Supo a oro. A la palabra blanca se le ha apagado la luz ayer un poco. En nuestra cultura, al contrario que en algunas del lejano oriente, la muerte viste de negro. El sol de Málaga ahí fuera, una vez más, y se oscurece en la pantalla del móvil la sonrisa de Blanca Fernández Ochoa, congelada, como lo estará en el corazón de sus hijos, de los suyos, ya para siempre. Su medalla de bronce en la prueba de slalon en los juegos olímpicos de 1992 nos supo a oro. A los andaluces, que no estamos hechos para el invierno, su sonrisa en el podio nos pareció de oro.

Blanca rozaba ya los 30, pero su sonrisa en el podio de Albertville, Francia, entre aquellos 1.801 atletas de 64 países, la hacía parecer una muchacha, casi una niña con esos característicos ojos suyos que parecían dibujados por Miyazaky. Poca costumbre teníamos aún en este país de apuntarnos las medallas de los nuestros, como si en realidad corriéramos, saltáramos, golpeáramos, lanzáramos, nadáramos hasta caer exhaustos con el corazón fuera del pecho en la competición más importante del planeta como ellos. Cosas del orgullo y la identificación con el que resulta victorioso, con la que lo consigue, con el sueño de vivir a través del otro el sueño hecho realidad. Por entonces caían pocas medallas, muy pocas, en algunos deportes ninguna, y la autoestima delegada que provocaban las olimpiadas en quienes nos sentíamos representados por los atletas de su misma nacionalidad cuando se subían al podio era inexistente o escasa. Por eso la medalla de oro que había conseguido el hermano mayor de Blanca, Paquito Fernández Ochoa, también en esquí, 20 años antes, en los Juegos de Saporo (Japón), en los primeros Juegos de Invierno que se celebraron fuera de Occidente, convirtió a Paquito en un extraterrestre. Aún hoy, ningún español ni española ha obtenido otra medalla de oro en los deportes de nieve en ninguna de las Olimpiadas que se han celebrado después. En aquellos juegos nipones participaron 1.006 atletas de 37 países, casi sólo la mitad de atletas y países de los que participaron en Albertville, cuando Blanca se hizo con el Bronce.
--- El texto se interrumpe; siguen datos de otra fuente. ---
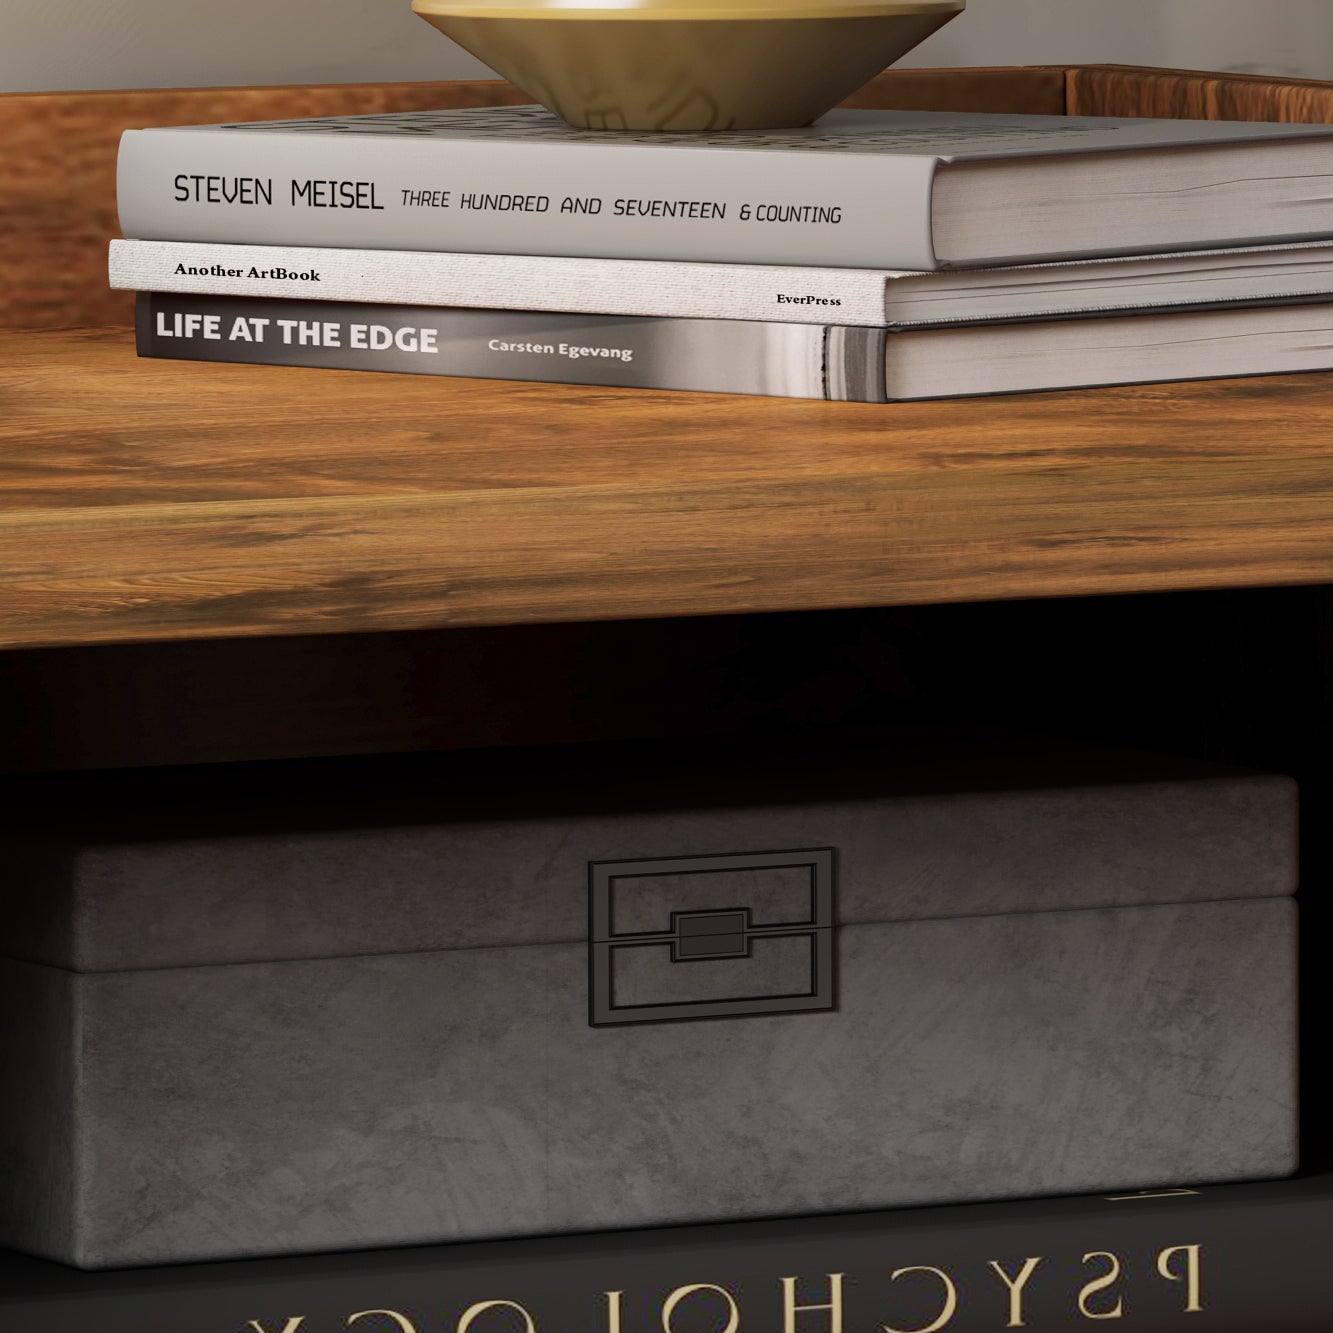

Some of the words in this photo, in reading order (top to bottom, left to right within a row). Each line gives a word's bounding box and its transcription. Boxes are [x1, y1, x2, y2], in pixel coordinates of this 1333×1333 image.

Francisco Fernández Ochoa murió demasiado pronto. Le homenajearon en su pueblo natal, en la sierra madrileña, en Cercedilla, en octubre de 2006, donde lo celebró junto a sus orgullosos paisanos y a las autoridades derrochando fuerza y sonrisa desde su silla de ruedas, bregando por dentro con su cáncer linfático. En noviembre murió con apenas 56 años.

En aquel último homenaje le honraron con una estatua donde Paquito, cómo no, sonríe con las manos en alto como lo hizo cuando superó el slalon especial que le dio la medalla de oro. Parece un poco la del Rocky de la película aunque abrigado, con gorro y los guantes de esquiar, mucho menos voluminosos que los de boxeo.

Cercedilla volvía estos días a salir a la palestra porque allí estaba aparcado el coche de Blanca desde hacía unos 20 días. Si se confirma, que hay que ser muy prudentes y elegantes en las informaciones que se dan cuando alguien conocido aparece muerto y siempre, alguien que se topó con ella la vio besar la estatua de su hermano y persignarse antes de subir a la montaña desde la que, la autopsia dirá en qué circunstancias, todo parece apuntar que se despeñó. Esta vez sin los esquíes... Descansa en paz, campeona.